Catherine Winick was barely 17 when Jason was conceived. Willis Todd, the father, was a high school dropout with a chest tattoo and a motorcycle, and Catherine fell in love instantly. She had come from wealth, but was cut off as soon as her parents got the call about her pregnancy. To manage, she started waiting tables at a strip club, while Willis dealt speed out of the back room.
Soon enough, Jason was born, and Catherine moved up the ladder, getting the gig as the lounge singer at the club. Music is one of the things Jason remembers most vividly about her; she was always singing. From The Doors to Elton John to Rolling Stones, The Germs to Fleetwood Mac, she knew it all.
Willis was busy making his way up the gang ladder, and so the task of caring for Jason was split between Catherine and the dancers and bartenders at the club. When Jason was two, Willis was arrested; Catherine was left alone then. She started dancing to pay the bills, and heroin to forget. She stopped singing then.
Years later, and Jason has only brief memories of those years. Pulsing lights. A bass line that made his teeth rattle. Soft lullabies, cooed into his ears. The ladies that were so nice, the ones in robes and swimsuits.

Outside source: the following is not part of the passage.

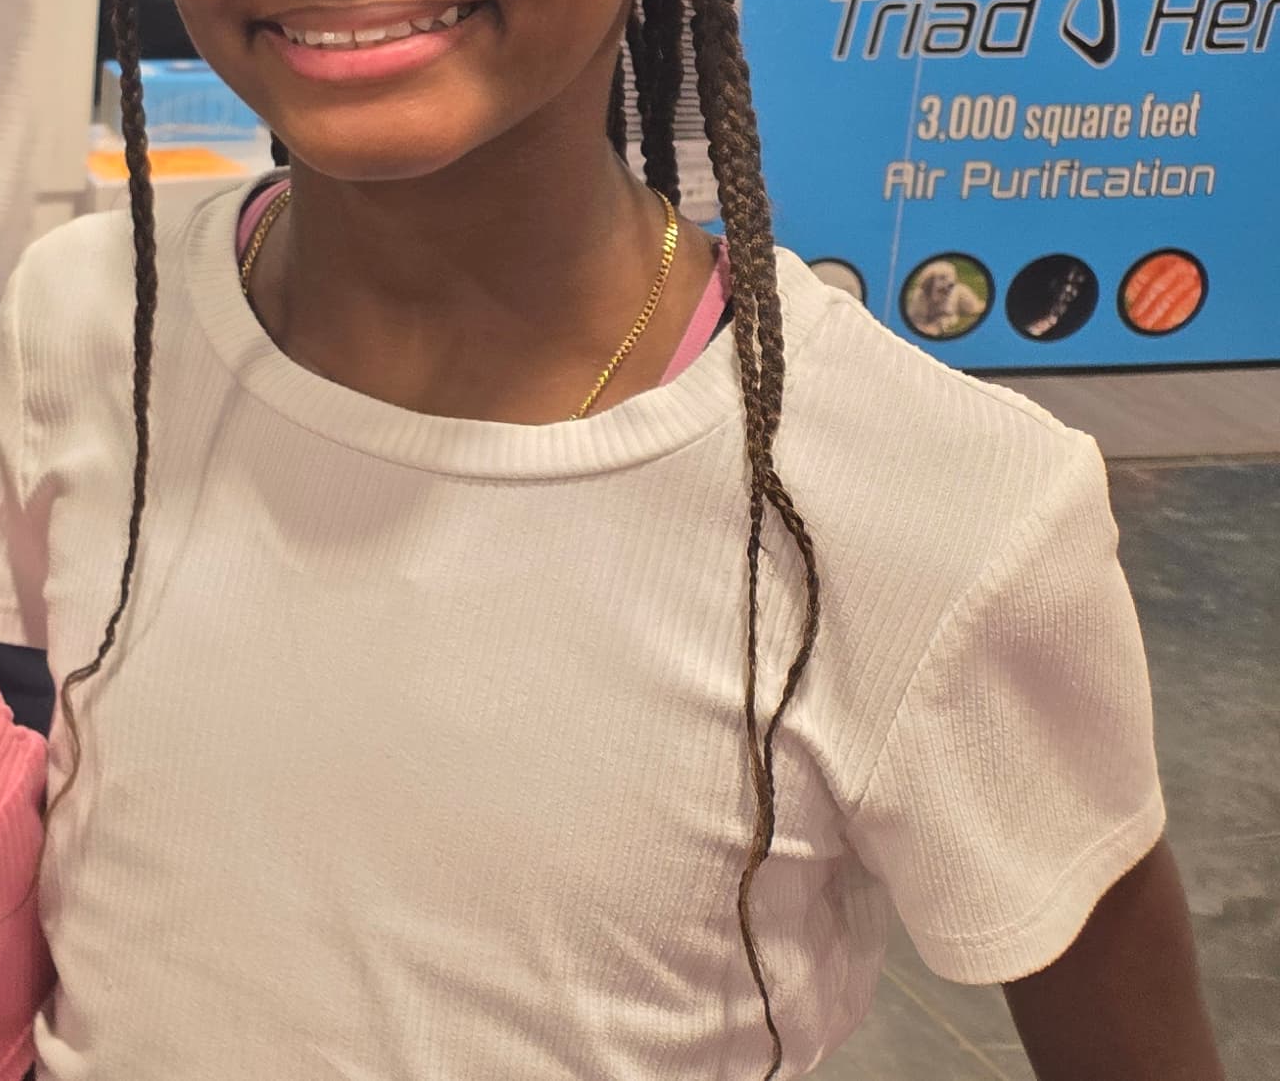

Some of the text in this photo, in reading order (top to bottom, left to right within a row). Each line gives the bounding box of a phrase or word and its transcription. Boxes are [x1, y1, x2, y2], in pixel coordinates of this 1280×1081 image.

[1024, 103, 1132, 147] square
[1139, 91, 1201, 139] feet
[883, 159, 1216, 199] Air Purification

His first record, Dire Strait’s Brothers in Arms. He remembers being on center stage, long after any patrons remained. Sitting on the thick plexiglass, feet sprawled out, back against the chrome pole. He was happy, even though logic tells him it wasn’t right.
After his return to Gotham, he bought the club, long since shut down. He demolished it, and put in a shelter for women and children facing drug and alcohol addiction. Called St. Catherine’s, it sees over 10,000 visitors a year.